The upstream DNS server returns an error code, which indicates that a domain name resolution error occurred.

Symptom

The internal domain name of the cluster can be resolved, but the external domain name cannot be resolved.

Solution

Check the DNS query log of CoreDNS.

Example of DNS query record
After CoreDNS responds to the DNS query of a client, CoreDNS generates a log entry to record the DNS query:
# If the response code is NOERROR, it indicates that the domain name is resolved without errors. 
[INFO] 172.20.2.25:44525 - 36259 "A IN redis-master.default.svc.cluster.local. udp 56 false 512" NOERROR qr,aa,rd 110 0.000116946s
Common DNS response codes
For more information about DNS response codes, see Specification.
Response code Definition Cause
NXDOMAIN The domain name does not exist on the upstream DNS server. Domain names in pod requests are appended with the suffix search. If a suffixed domain name does not exist on the DNS server, this response code is returned. If you find this response code in the DNS query log, this indicates that a domain name resolution error occurred.
SERVFAIL An error occurs on the upstream DNS server. An error occurs on the upstream DNS server. For example, connections to the upstream DNS server cannot be established.
REFUSED The DNS query is rejected by the upstream DNS server. The upstream DNS server that is specified in the CoreDNS configuration or the /etc/resolv.conf file of the node cannot resolve the domain name. You can check the configuration file of CoreDNS.

What do I do if domain names of headless Services cannot be resolved?

Cause

In CoreDNS versions earlier than 1.7.0, CoreDNS may unexpectedly exit if network jitters occur on the Kubernetes API server of the cluster. As a result, the domain names of headless Services are not updated when CoreDNS is down.

Symptom

CoreDNS cannot resolve domain names of headless Services.

Solution

Update CoreDNS to 1.7.0 or later. For more information, see [Component Upgrades] Upgrade CoreDNS.

What do I do if domains names of StatefulSet pods cannot be resolved?

Cause

If a StatefulSet is exposed by using a headless Service, the ServiceName parameter in the pod YAML template must be set to the name of the headless Service. Otherwise, you cannot access the domain names of the StatefulSet pods, such as pod.headless-svc.ns.svc.cluster.local. However, you can access the domain name of the headless Service, such as headless-svc.ns.svc.cluster.local.

Symptom

The domain names of StatefulSet pods cannot be resolved.

Solution

Set the ServiceName parameter in the pod YAML template to the name of the headless Service that is used to expose the StatefulSet pods.

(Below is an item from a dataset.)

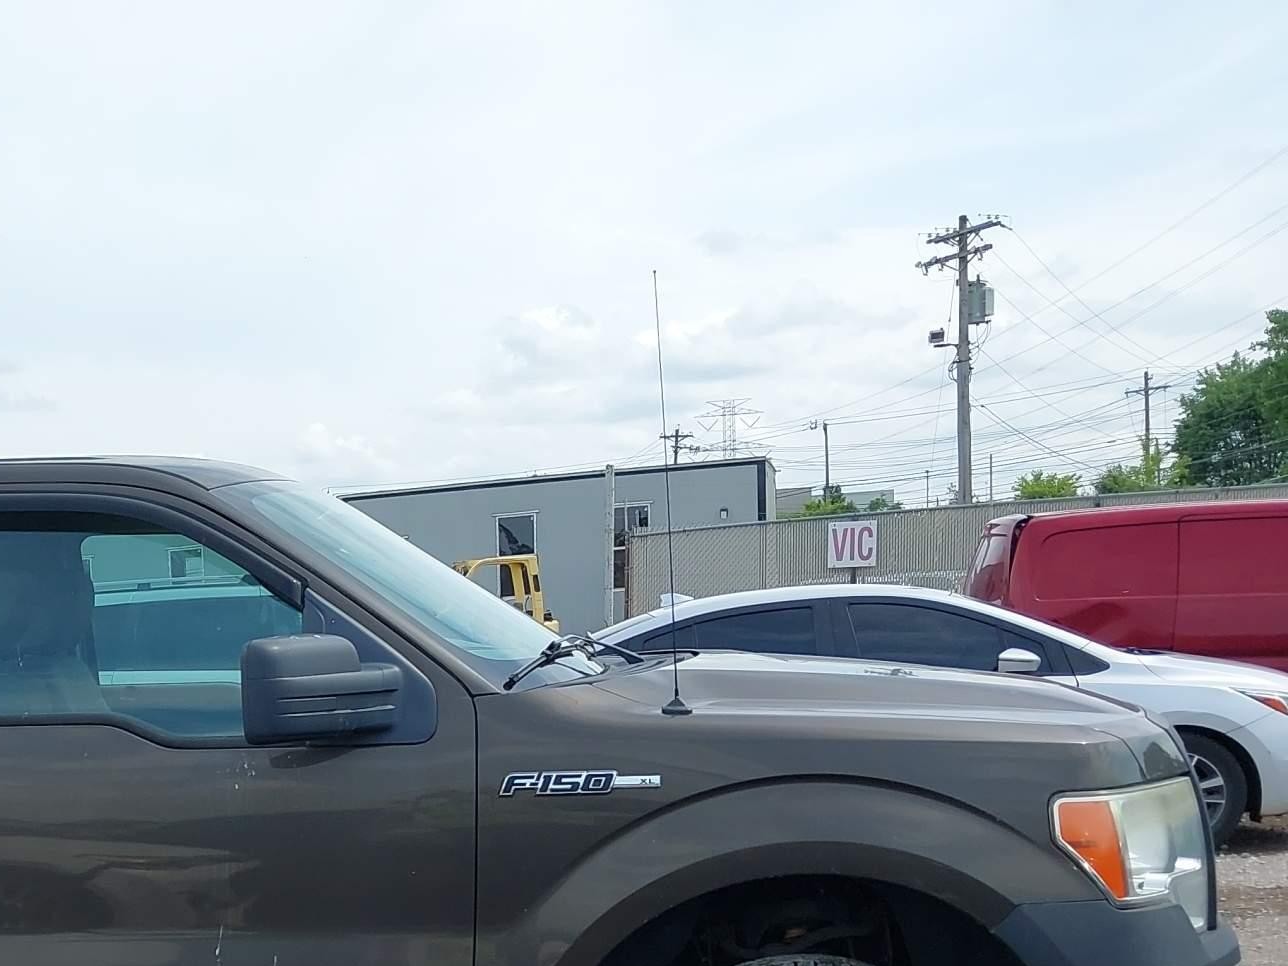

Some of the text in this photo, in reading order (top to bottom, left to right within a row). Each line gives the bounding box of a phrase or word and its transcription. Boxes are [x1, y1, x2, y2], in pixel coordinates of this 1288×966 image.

[832, 527, 873, 561] VIC
[499, 770, 656, 796] F-150 XL

What do I do if DNS queries are blocked by security group rules or the network access control lists (ACLs) that are associated with vSwitches?

Cause

The security group rules or network ACLs that control the network communications of the Elastic Compute Service (ECS) instance block UDP port 53.

Symptom

DNS resolution failures of CoreDNS persist on some or all nodes.

Solution

Modify the security group rules or network ACLs to open UDP port 53.

What do I do if container network connectivity errors occur?

Cause

UDP port 53 is blocked due to container network connectivity errors or other causes.

Symptom

DNS resolution failures of CoreDNS persist on some or all nodes.

Solution

Diagnose the container network. For more information, see Use the cluster diagnosis feature to troubleshoot cluster issues.

What do I do if CoreDNS pods are overloaded?

Cause

The number of replicated pods that are configured for CoreDNS is insufficient to handle the DNS query load.

Symptom
  • The DNS resolution latency of CoreDNS is high, or DNS resolution failures of CoreDNS persist or occasionally occur on some or all nodes.
  • Check the status of CoreDNS pods and check whether the CPU and memory utilization is about to reach the upper limit.
Solution
  • Use NodeLocal DNSCache to reduce the DNS query load of CoreDNS and improve DNS resolution efficiency. For more information, see Use NodeLocal DNSCache in an ACK cluster.
  • Scale out the number of CoreDNS pods to ensure that the peak CPU utilization of each pod is less than the amount of idle CPU resources of the node.

What do I do if the DNS query load is not balanced among CoreDNS pods?

Cause

The DNS query load is not balanced among CoreDNS pods due to imbalanced pod scheduling or improper SessionAffinity settings of the kube-dns Service.

Symptom
  • The DNS resolution latency of CoreDNS is high, or DNS resolution failures of CoreDNS persist or occasionally occur on some or all nodes.
  • The status of CoreDNS pods shows that the CPU utilization is different among the pods.
  • The number of replicated pods that are configured for CoreDNS is less than two or multiple CoreDNS pods are deployed on the same node.
Solution
  • Scale out the number of CoreDNS pods and schedule the pods to different nodes.
  • You can delete the SessionAffinity parameter from the configuration of the kube-dns Service. For more information, see Configure the kube-dns Service.

What do I do if CoreDNS pods do not run as normal?

Cause

CoreDNS pods do not run as normal due to improper settings in the YAML file or the CoreDNS ConfigMap.

Symptom
  • The DNS resolution latency of CoreDNS is high, or DNS resolution failures of CoreDNS persist or occasionally occur on some or all nodes.
  • CoreDNS pods are not in the Running state or the number of pod restarts continuously increases.
  • The CoreDNS log data indicates that errors occurred.
Solution

Check the status and logs of CoreDNS pods.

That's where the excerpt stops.